When Salzburg fell to Austria in 1806, the palace and the pond came into public ownership. Leased from that point on, it was little altered or restored until being sold to Alois Count Arco-Stepperg in 1837. He rebuilt it between 1838 and 1848 in the neo-Gothic romanticizing style seen today.

After the death of the Count in 1891 the property fell to his nearest female relative, Sophie, who was married to the Count Ernst von Moy de Sons of an old French noble family.

In 1918, the palace attracted public attention when King Ludwig III of Bavaria and his family and entourage fled to escape the November Revolution.

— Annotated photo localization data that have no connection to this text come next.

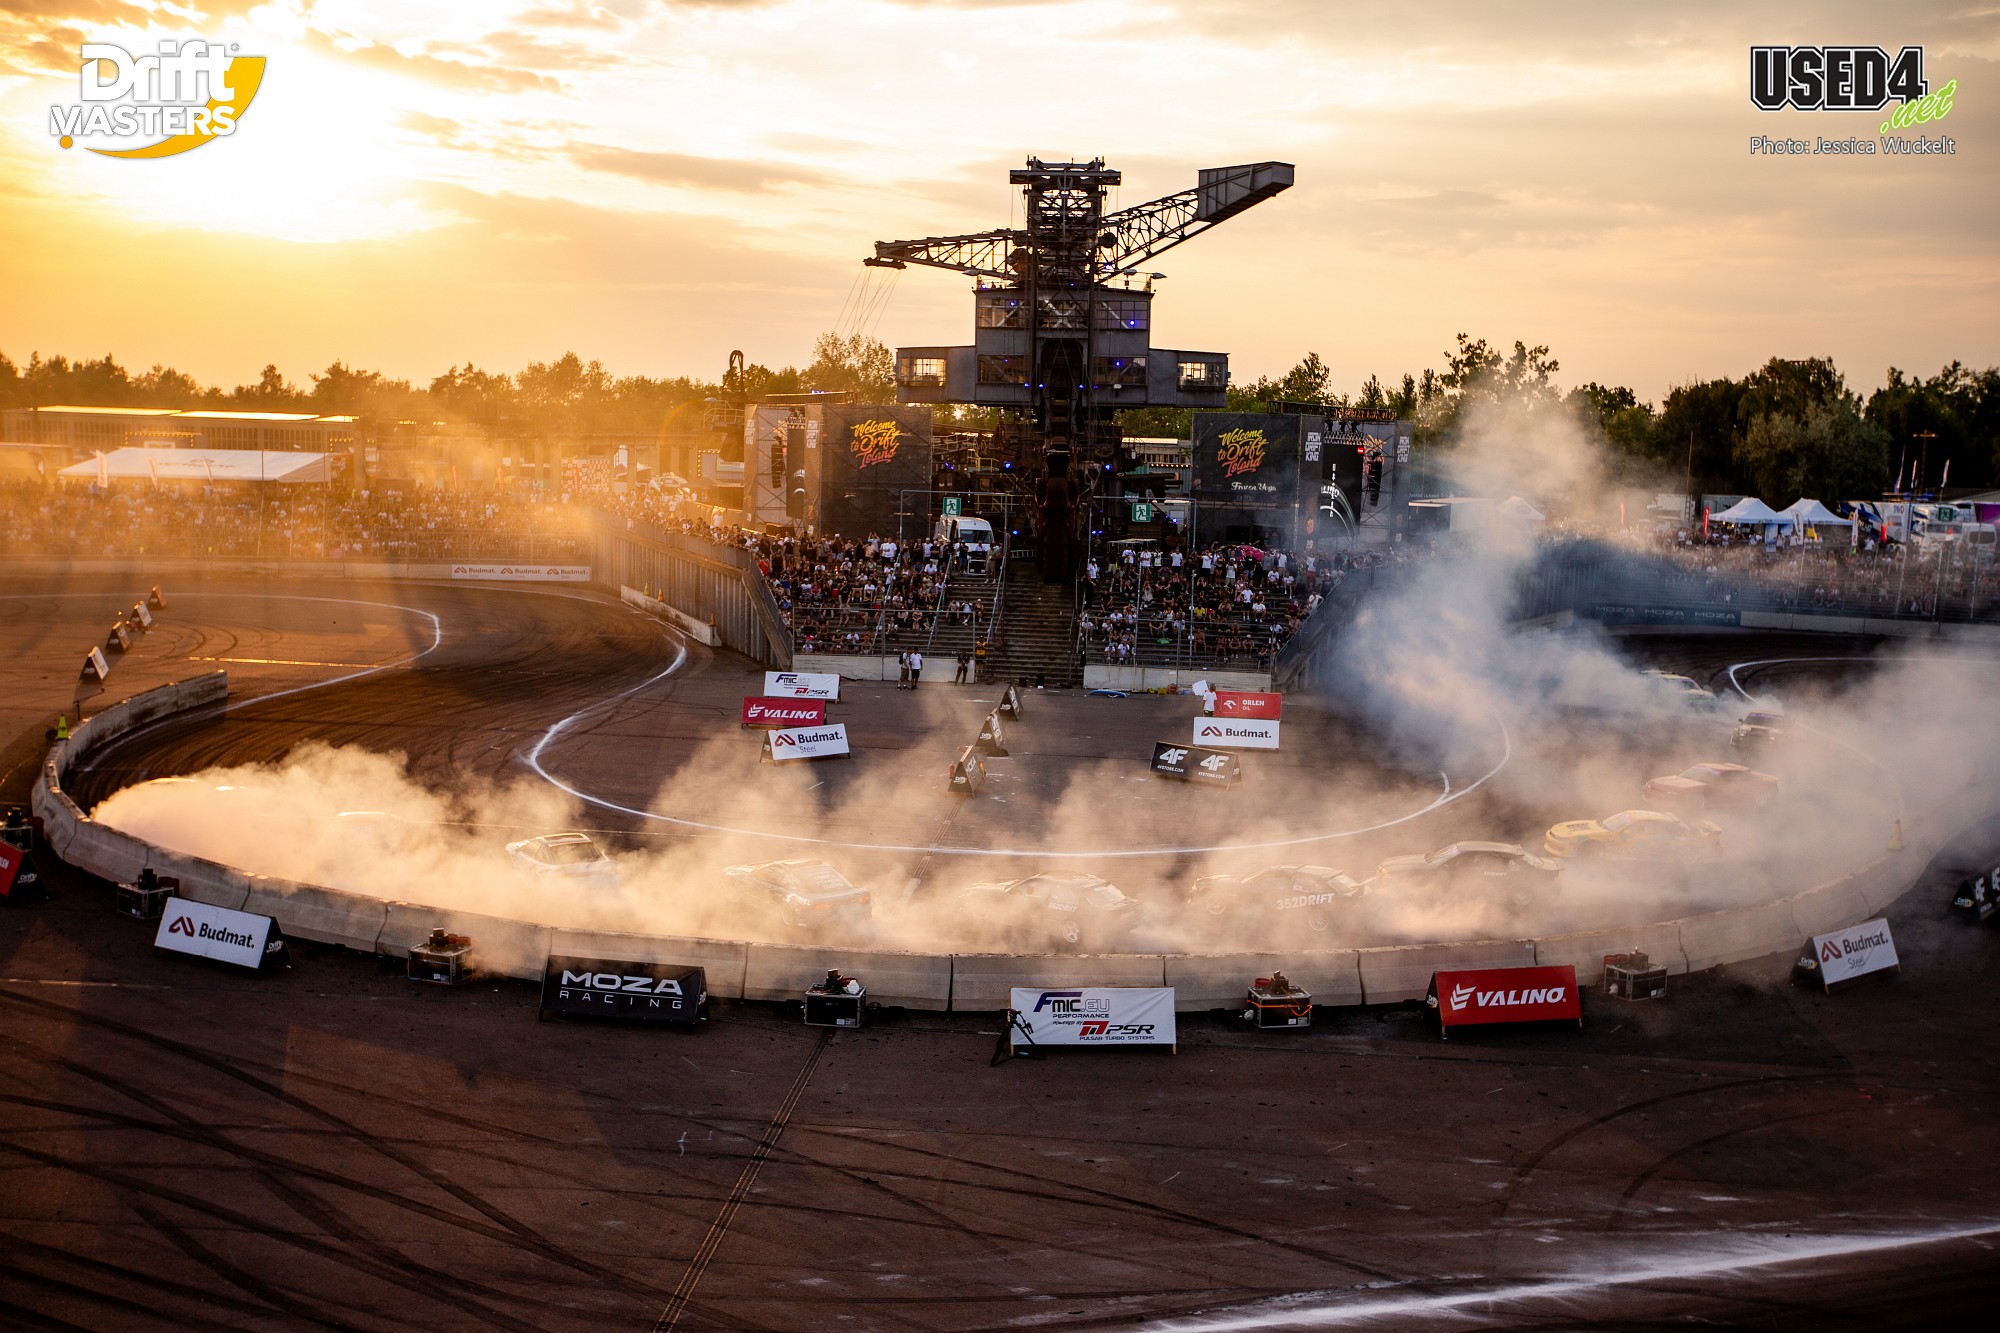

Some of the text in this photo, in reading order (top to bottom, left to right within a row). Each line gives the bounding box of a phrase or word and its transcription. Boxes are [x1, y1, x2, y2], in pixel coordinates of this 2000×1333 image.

[850, 420, 897, 437] Welcome
[1218, 428, 1263, 446] Welcome
[1242, 699, 1265, 707] ORLEN
[764, 709, 819, 719] VALINO
[798, 731, 843, 744] Budmat.
[1225, 728, 1272, 739] Budmat.
[1159, 748, 1188, 764] 4F
[1200, 755, 1229, 771] 4F
[1276, 893, 1334, 910] 352DRIFT
[198, 923, 255, 949] Budmat.
[1842, 931, 1889, 955] Budmat.
[561, 970, 683, 995] MOZA
[559, 990, 682, 1009] RACING
[1476, 987, 1566, 1007] VALINO
[1105, 1024, 1155, 1035] PSR
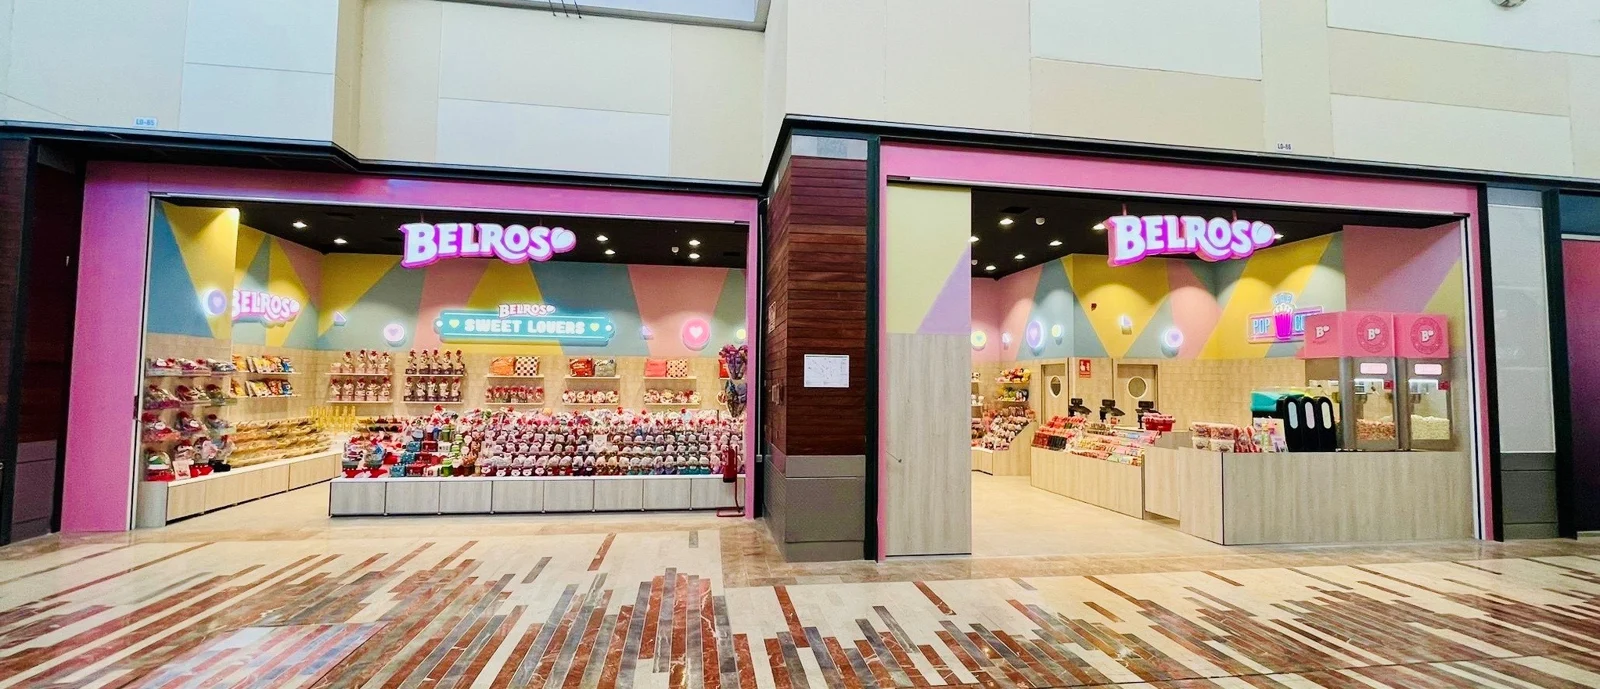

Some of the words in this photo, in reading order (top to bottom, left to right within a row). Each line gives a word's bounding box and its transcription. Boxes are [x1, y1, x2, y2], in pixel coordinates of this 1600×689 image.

[402, 223, 552, 268] BELROS
[1106, 215, 1254, 267] BELROS
[498, 304, 548, 318] BELROS
[464, 319, 522, 333] SWEET
[527, 320, 585, 335] LOVERS
[1253, 318, 1270, 335] POP

With the Declaration of Anif on 12/13 November 1918, Ludwig III refused to abdicate, and instead freed all Bavarian government officials, soldiers and officers from their oath because he was not able to continue the government.

During World War II the German Wehrmacht units were accommodated in the palace, followed by American units in 1945.

== Present ==
In October 2001 the palace and its owner Johannes Count von Moy de Sons made news headlines when it was revealed that part of the furniture, which had been put under historic preservation status as an ensemble with the palace, had been offered for sale at Sotheby's in Amsterdam. Some of the pieces were returned to Austria and are now partly visible in the Museum Carolino Augusteum of Salzburg.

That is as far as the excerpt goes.